Hope Lives On

Chew Keng Poh lived in hardship during her early life and was educated only up to Standard 3. She devoted her life to looking after her family. However, the tables would eventually turn on her.

Although she was diabetic while she was pregnant with her daughter, she still lived a seemingly normal life. One day in January 2013 she experienced swelling in her right leg, with a sore in her right thigh which eventually infected her right toe as well.

At this point Keng Poh’s daughter took her to a private clinic. The clinic doctor did not have good news. She was suspected to have chronic kidney failure and would need to have her toe amputated. She was then referred to the Tengku Ampuan Rahimah hospital in Klang where further tests were conducted.

The tests confirmed the doctors’ suspicions. In addition to complications related to diabetes, Keng Poh was diagnosed with Chronic Kidney Disease (CKD).

“They told me immediately that I would have to have my toe amputated. The doctors also said that they would have to begin serious treatment for my sore and swollen foot. I would even have to undergo dialysis. I didn’t know what to say or think. All I felt was that my whole world as I knew it had collapsed,” said Keng Poh.

It was devastating not only for her but for her family as well.

Her family requested an immediate discharge and a referral letter to allow them to obtain a second opinion at the University Malaya Medical Centre (UMMC). Upon further examination there, doctors at UMMC confirmed the original diagnosis.

Sad as they were, her family remained pragmatic and proceeded to act in the best interest of Keng Poh within their financial means. Upon her family’s consent, her toe was amputated while she underwent treatment for the swelling and sore in her leg. In addition to this, she was also required to undergo dialysis 3 times a week.

Travelling from Klang to UMMC for weekly dialysis sessions soon became a burden for Keng Poh and her family, who requested a referral so that Keng Poh could undergo dialysis closer to home. She was then referred to Pusat Dialisis NKF Bakti in Klang, where she would undergo dialysis treatment, courtesy of the National Kidney Foundation (NKF) Malaysia.

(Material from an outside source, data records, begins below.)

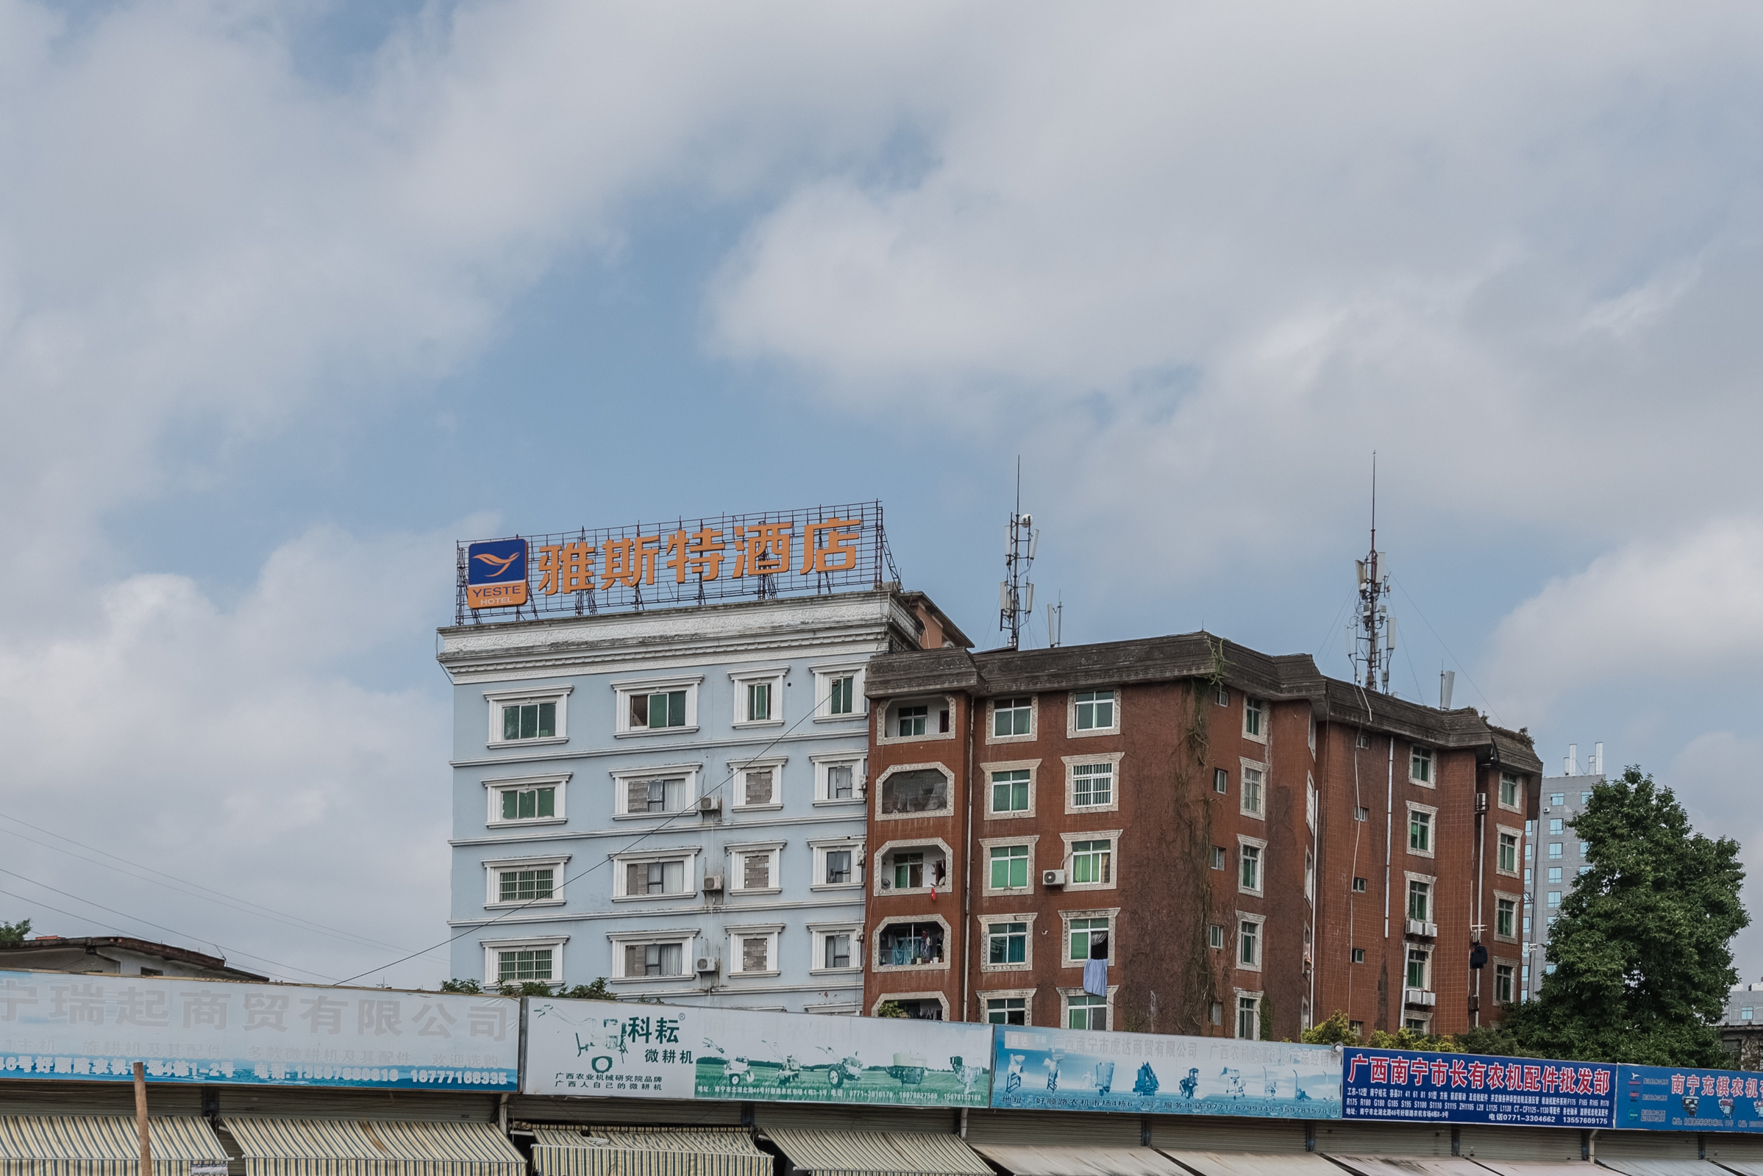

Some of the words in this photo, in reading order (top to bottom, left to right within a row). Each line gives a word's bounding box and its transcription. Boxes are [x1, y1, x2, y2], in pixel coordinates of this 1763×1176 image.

[538, 518, 861, 596] 雅斯特酒店
[472, 585, 522, 599] YESTE
[480, 597, 514, 607] HOTEL
[627, 1016, 681, 1045] 科耘
[1052, 1034, 1198, 1061] 广西南宁市虎达商贸有限公司
[644, 1048, 694, 1065] 微耕机
[555, 1072, 663, 1083] 广西农业机械研究院品牌
[1347, 1053, 1611, 1097] 广西南宁市长有农机配件批发部
[555, 1080, 663, 1091] 广西人自己的微耕机
[1671, 1073, 1763, 1099] 南宁充棋农机
[1563, 1116, 1609, 1125] 13557609175
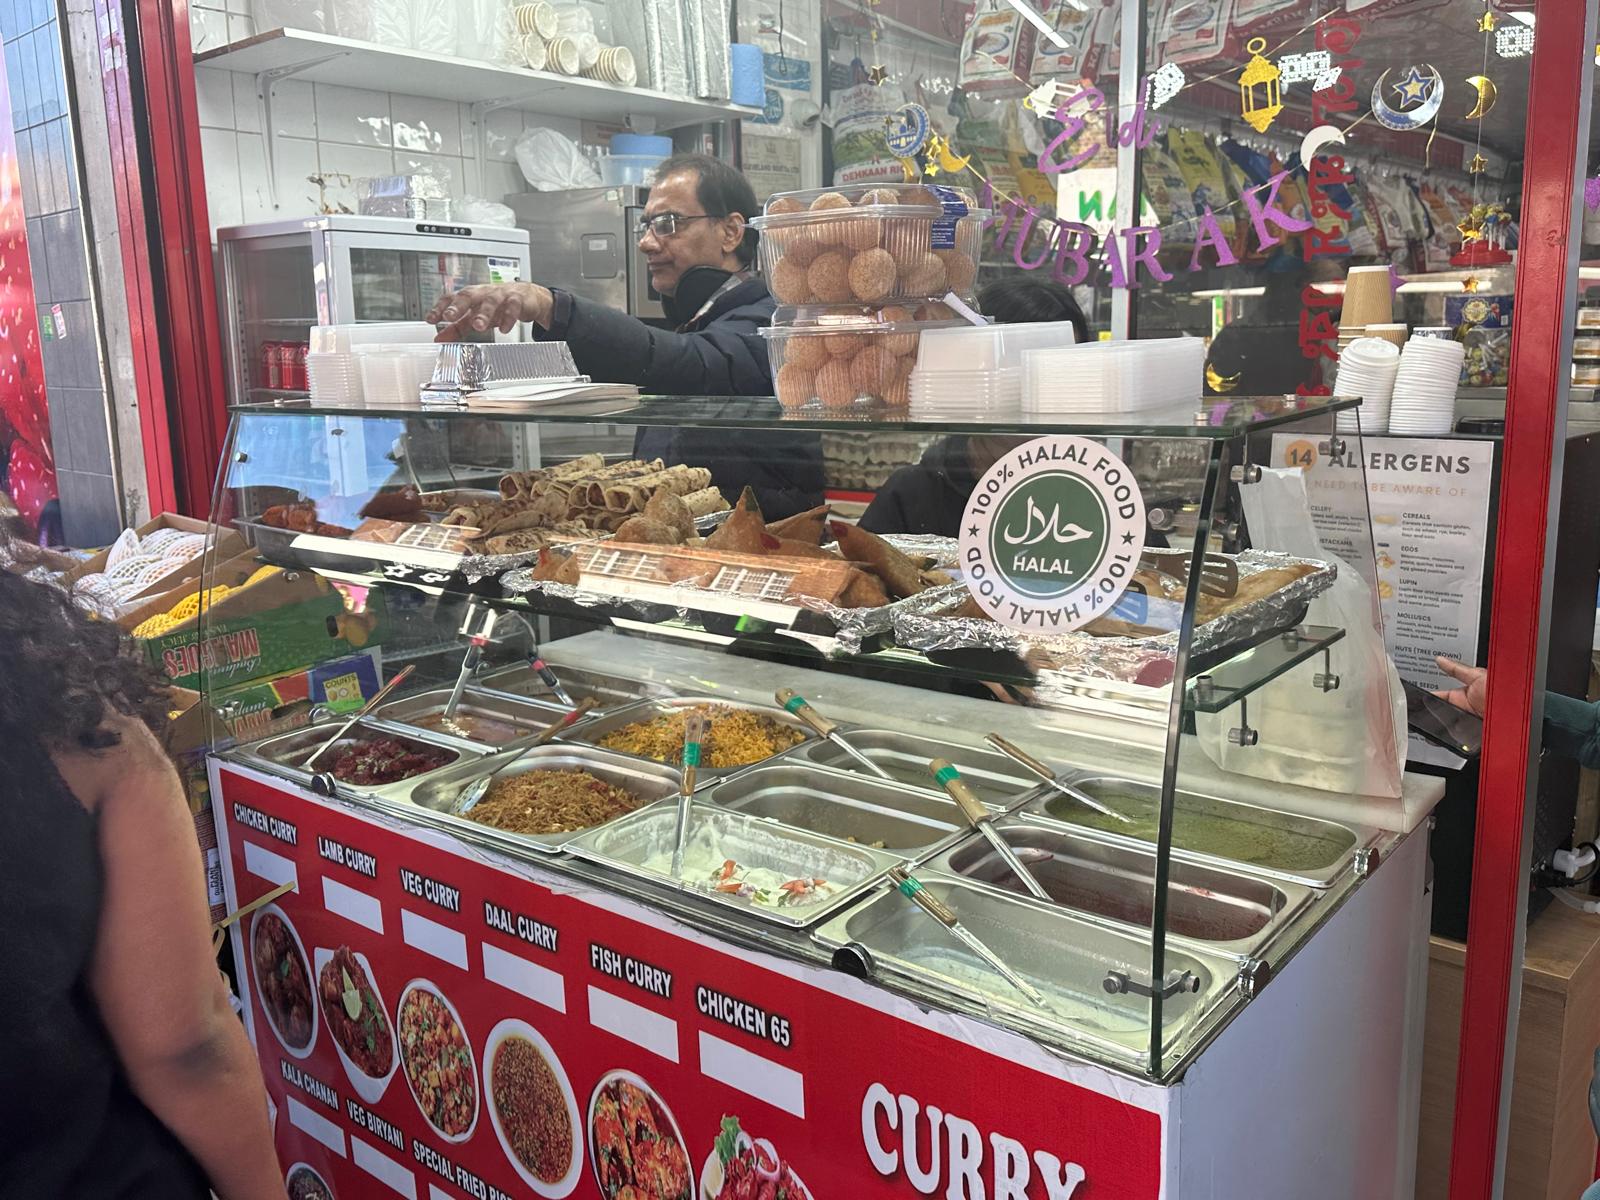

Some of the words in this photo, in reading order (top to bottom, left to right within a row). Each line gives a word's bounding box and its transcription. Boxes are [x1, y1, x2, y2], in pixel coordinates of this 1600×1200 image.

[1038, 75, 1163, 174] Eid
[842, 166, 887, 182] DEHKAAN
[972, 464, 1014, 515] 100%
[1018, 444, 1088, 470] HALAL
[1092, 456, 1136, 520] FOOD
[1290, 448, 1313, 467] 14
[1328, 451, 1470, 474] ALERGENS
[1371, 483, 1387, 493] BE
[1392, 484, 1442, 496] AWARE
[1448, 488, 1468, 497] OF
[1004, 496, 1094, 545] حلال
[1402, 512, 1431, 520] CEREALS
[967, 547, 1005, 609] FOOD
[1013, 556, 1073, 575] HALAL
[1084, 554, 1132, 610] 100%
[1399, 578, 1418, 586] LUPIN
[1010, 602, 1080, 627] HALAL
[1397, 612, 1432, 622] MOLLUSCS
[325, 673, 357, 689] COUNTS
[1420, 682, 1439, 690] SEEDS
[234, 803, 268, 833] CHICKEN
[270, 818, 296, 845] CURRY
[318, 836, 344, 864] LAMB
[346, 848, 376, 877] CURRY
[400, 868, 422, 896] VEG
[424, 878, 460, 912] CURRY
[485, 902, 515, 935] DAAL
[518, 916, 557, 952] CURRY
[591, 944, 622, 978] FISH
[626, 958, 672, 998] CURRY
[698, 986, 766, 1037] CHICKEN
[770, 1015, 790, 1047] 65
[281, 1060, 303, 1089] KALA
[304, 1074, 339, 1110] CHANAN
[346, 1100, 366, 1127] VEG
[366, 1111, 404, 1152] BIRYANI
[413, 1140, 455, 1182] SPECIAL
[456, 1166, 487, 1200] FRIED

Besides having to undergo dialysis treatment, her day-to-day life changed as well.

“Prior to my condition, it was easy for me to cook and do household chores. But with my condition, I would tire easily doing these chores and found them difficult. What was even sadder was that my husband, who was working, had to quit his job to look after me and help with the cooking, cleaning and other household duties,” said a helpless Keng Poh.

They have to depend on their daughter – their elder child, who works as a kindergarten teacher for financial support as the family received no financial assistance from friends and relatives since they are also not well to do.

As a result of her condition, Keng Poh does not socialise as much as she used to with her neighbours and friends. Neither does she go on tours to faraway places like she used to. Yet, she takes life one day at a time and is thankful to her friends and loved ones who have stood by her through her ordeal.

Keng Poh’s condition is a stark reminder that anyone can suffer from CKD as the disease does not discriminate. It can be a life-changing ailment and kidney patients require all the support and assistance they can get.